The above images are whole-mount adult fly brains stained for H4K8ac as an indicator of global acetylation levels. (A,D,G) represent one control group (hsGal4; UAS-RNAi; no heat shocks), (B,E,H) depict a second control group (no Gal4; UAS-RNAi; + heat shocks), and (C,F,I) represent the experimental group (hsGal4; UAS-RNAi; + heat shocks). Note that when CBP is silenced there is a dramatic effect on H4K8ac levels (compare C with the A and B controls); when Psn is silenced there is a significant but less dramatic effect (F); and when Notch is silenced (I) there is no noticeable effect. All brains were dissected, stained, and photographed using the same conditions and microscope settings.

Figure 6. Assaying geotaxis using a countercurrent device.

Pictured is the countercurrent device we built for assaying geotaxis behavior. This apparatus was modeled directly from a similar design created by Seymour Benzer . Each experiment starts as flies are placed in tube set 1 and given 3 sharp taps on a rubber mat to knock them to the bottom.
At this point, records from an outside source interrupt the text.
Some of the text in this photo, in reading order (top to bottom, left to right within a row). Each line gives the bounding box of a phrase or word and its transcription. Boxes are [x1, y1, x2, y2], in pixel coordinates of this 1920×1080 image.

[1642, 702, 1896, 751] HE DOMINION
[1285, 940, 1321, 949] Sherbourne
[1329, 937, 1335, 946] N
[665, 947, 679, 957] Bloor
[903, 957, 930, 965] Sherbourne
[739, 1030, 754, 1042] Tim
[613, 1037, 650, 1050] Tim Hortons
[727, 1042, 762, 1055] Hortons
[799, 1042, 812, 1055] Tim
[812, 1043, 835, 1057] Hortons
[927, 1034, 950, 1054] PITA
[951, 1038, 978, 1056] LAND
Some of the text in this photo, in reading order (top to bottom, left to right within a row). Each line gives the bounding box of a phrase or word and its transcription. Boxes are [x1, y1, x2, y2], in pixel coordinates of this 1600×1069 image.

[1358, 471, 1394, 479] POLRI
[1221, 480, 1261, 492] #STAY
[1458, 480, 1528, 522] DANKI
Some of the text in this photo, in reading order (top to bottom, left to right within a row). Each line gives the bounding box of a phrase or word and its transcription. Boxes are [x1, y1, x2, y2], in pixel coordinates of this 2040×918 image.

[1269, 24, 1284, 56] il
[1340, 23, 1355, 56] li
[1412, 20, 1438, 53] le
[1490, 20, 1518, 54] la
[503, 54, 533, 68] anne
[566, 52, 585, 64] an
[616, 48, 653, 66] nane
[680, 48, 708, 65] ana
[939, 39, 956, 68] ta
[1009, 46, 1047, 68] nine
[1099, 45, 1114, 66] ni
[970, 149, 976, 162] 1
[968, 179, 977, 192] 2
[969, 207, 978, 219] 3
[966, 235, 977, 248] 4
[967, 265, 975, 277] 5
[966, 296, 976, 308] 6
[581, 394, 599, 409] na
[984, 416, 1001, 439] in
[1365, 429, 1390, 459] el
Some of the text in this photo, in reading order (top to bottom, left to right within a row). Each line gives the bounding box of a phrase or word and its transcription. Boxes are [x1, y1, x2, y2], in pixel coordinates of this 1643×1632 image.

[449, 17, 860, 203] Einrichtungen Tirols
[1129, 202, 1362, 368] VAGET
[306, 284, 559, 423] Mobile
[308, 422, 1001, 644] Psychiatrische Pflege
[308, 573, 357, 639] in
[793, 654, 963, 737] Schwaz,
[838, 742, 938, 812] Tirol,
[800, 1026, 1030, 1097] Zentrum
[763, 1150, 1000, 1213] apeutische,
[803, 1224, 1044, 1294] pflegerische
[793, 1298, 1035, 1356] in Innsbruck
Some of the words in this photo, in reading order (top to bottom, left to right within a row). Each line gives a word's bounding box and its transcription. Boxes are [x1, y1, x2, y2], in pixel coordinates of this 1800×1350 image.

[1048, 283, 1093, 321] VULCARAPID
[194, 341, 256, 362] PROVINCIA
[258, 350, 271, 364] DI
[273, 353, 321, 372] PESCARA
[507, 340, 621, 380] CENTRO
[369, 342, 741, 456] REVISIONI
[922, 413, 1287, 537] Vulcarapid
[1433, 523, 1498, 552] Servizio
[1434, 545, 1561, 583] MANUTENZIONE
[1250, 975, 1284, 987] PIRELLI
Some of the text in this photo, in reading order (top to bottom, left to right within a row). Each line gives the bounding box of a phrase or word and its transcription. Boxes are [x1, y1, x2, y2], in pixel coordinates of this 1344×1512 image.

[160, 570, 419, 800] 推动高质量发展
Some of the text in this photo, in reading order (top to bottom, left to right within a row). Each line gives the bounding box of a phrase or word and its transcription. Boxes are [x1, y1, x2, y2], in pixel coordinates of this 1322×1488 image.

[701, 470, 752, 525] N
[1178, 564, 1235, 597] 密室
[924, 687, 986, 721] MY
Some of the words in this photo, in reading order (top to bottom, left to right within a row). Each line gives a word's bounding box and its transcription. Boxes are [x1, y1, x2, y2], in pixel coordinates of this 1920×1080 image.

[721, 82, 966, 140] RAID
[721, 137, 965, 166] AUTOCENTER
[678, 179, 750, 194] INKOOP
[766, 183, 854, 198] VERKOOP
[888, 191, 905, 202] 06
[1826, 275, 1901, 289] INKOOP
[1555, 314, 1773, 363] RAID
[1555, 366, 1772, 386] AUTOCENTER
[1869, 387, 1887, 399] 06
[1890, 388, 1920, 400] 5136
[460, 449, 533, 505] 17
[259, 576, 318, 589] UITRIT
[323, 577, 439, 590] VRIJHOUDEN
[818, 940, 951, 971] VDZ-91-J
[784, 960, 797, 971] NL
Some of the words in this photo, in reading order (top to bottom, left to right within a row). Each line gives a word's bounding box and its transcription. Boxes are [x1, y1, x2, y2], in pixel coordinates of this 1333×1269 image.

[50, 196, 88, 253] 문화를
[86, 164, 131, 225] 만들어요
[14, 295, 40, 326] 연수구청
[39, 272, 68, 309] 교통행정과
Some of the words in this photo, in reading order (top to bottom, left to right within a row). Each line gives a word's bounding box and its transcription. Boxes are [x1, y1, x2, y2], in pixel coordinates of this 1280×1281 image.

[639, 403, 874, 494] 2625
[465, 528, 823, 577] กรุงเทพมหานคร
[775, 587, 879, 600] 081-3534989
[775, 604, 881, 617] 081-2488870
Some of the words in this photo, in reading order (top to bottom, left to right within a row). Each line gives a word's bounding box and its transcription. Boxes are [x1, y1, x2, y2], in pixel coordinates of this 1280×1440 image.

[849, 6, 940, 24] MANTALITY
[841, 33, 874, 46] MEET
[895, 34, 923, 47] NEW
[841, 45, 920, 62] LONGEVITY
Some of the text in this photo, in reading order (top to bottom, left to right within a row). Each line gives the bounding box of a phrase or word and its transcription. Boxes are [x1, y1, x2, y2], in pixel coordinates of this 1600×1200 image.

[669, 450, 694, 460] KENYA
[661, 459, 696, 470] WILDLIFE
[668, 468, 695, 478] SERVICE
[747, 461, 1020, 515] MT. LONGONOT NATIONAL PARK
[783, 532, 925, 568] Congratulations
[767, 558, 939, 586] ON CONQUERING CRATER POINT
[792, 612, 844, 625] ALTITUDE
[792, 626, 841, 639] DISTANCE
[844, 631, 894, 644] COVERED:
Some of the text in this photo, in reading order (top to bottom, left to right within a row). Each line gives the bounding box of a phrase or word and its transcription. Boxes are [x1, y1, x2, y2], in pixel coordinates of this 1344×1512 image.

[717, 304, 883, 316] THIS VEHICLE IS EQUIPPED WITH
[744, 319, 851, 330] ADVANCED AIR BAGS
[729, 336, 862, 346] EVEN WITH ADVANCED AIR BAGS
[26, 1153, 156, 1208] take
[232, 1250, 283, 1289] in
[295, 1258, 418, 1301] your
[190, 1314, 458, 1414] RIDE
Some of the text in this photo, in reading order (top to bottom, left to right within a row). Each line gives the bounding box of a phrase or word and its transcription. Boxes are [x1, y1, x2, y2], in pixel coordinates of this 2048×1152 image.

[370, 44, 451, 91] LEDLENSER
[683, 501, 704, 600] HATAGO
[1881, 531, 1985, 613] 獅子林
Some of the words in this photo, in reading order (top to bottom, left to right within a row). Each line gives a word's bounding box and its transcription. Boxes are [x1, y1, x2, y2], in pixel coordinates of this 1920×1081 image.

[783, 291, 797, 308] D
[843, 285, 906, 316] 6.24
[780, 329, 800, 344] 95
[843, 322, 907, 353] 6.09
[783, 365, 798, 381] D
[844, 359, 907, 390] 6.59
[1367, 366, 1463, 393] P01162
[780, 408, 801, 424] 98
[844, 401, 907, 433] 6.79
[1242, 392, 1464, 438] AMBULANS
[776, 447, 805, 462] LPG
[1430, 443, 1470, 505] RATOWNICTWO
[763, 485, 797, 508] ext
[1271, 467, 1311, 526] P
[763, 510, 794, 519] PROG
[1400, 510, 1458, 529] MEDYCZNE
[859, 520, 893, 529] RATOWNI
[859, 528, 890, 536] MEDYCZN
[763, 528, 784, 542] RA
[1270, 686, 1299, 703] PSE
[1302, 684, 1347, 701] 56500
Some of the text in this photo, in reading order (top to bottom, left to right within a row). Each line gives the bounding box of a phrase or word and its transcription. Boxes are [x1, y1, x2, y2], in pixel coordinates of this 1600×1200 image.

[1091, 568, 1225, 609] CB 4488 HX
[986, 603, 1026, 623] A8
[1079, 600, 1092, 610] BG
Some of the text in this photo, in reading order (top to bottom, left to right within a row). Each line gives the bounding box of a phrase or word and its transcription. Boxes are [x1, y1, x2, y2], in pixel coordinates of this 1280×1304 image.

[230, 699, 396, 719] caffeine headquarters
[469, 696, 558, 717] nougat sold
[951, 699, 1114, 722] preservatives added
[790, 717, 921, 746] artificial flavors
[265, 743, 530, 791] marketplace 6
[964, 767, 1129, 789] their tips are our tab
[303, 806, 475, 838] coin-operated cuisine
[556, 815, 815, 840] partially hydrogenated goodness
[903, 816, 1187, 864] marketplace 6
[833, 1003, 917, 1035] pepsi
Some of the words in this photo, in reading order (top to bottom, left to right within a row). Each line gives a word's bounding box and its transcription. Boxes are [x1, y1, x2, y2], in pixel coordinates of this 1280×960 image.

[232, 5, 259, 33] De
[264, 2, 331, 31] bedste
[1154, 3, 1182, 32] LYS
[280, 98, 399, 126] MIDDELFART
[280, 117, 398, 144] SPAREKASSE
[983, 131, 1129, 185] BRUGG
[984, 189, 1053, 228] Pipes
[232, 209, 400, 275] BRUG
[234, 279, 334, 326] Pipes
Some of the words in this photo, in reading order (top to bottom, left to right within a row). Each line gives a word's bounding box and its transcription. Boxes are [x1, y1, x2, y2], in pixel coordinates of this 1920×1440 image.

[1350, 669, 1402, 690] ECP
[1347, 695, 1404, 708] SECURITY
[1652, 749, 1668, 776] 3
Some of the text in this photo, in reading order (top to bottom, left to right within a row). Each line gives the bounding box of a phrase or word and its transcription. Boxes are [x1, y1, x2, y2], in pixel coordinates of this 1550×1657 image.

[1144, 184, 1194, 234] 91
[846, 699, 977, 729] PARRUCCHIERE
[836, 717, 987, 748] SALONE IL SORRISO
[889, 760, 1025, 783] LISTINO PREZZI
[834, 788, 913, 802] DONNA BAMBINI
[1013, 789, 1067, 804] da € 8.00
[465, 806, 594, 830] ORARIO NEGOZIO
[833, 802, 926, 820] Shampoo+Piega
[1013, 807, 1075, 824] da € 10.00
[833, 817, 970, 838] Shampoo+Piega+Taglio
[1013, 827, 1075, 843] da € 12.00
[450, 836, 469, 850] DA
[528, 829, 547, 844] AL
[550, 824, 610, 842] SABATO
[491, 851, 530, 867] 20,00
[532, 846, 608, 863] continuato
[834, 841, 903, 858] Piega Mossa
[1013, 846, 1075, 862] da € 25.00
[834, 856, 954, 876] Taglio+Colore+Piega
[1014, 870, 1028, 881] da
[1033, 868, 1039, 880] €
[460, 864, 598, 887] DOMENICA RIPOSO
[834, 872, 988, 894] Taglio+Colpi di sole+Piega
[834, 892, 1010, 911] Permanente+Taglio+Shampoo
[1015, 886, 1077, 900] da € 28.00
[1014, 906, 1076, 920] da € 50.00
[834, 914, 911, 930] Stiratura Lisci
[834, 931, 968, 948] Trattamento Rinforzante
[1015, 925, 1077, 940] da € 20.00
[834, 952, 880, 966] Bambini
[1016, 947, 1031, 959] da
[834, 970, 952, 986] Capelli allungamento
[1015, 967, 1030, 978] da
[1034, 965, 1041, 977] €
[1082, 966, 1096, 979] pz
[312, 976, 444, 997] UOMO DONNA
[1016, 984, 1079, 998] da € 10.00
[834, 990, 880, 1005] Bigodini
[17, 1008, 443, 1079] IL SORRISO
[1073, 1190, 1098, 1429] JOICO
Flies are then given 10 seconds to climb into the upper tube, after which time it is moved over to the bottom of set 2. They are again tapped to the bottom, allowed to climb for 10 seconds, and moved to the bottom of set 3. The procedure continues until set 6 is reached. At the end of the experiment, the percentage of the fly cohort in each tube is calculated. The experiment is calibrated in such a way that most of the wildtype flies (exhibiting normal negative geotaxis) accumulate in tube number six.

Figure 7. Flies compromised for CBP exhibit poor geotaxis.

(A) represents the mean distribution of flies within each tube after 6 successive trials. Tube distribution for each group is presented by a best-fit line, which is based on a linear regression. The slope of the experimental group (hs-Gal4; UAS-CBPi) indicates that the majority of these cohorts remained in the first sets of tubes, whereas the control groups accumulated in the last sets of tubes. (B) is the mean score for each group with a significant difference between the experimental group (hsGal4; UAS-CBPi; +heat shocks) and all three control groups (F _(3,53) = 11.8; P<0.0001). There were no significant differences between genders or control groups. A (+) indicates a heat shock treatment and (-) indicates no heat shock.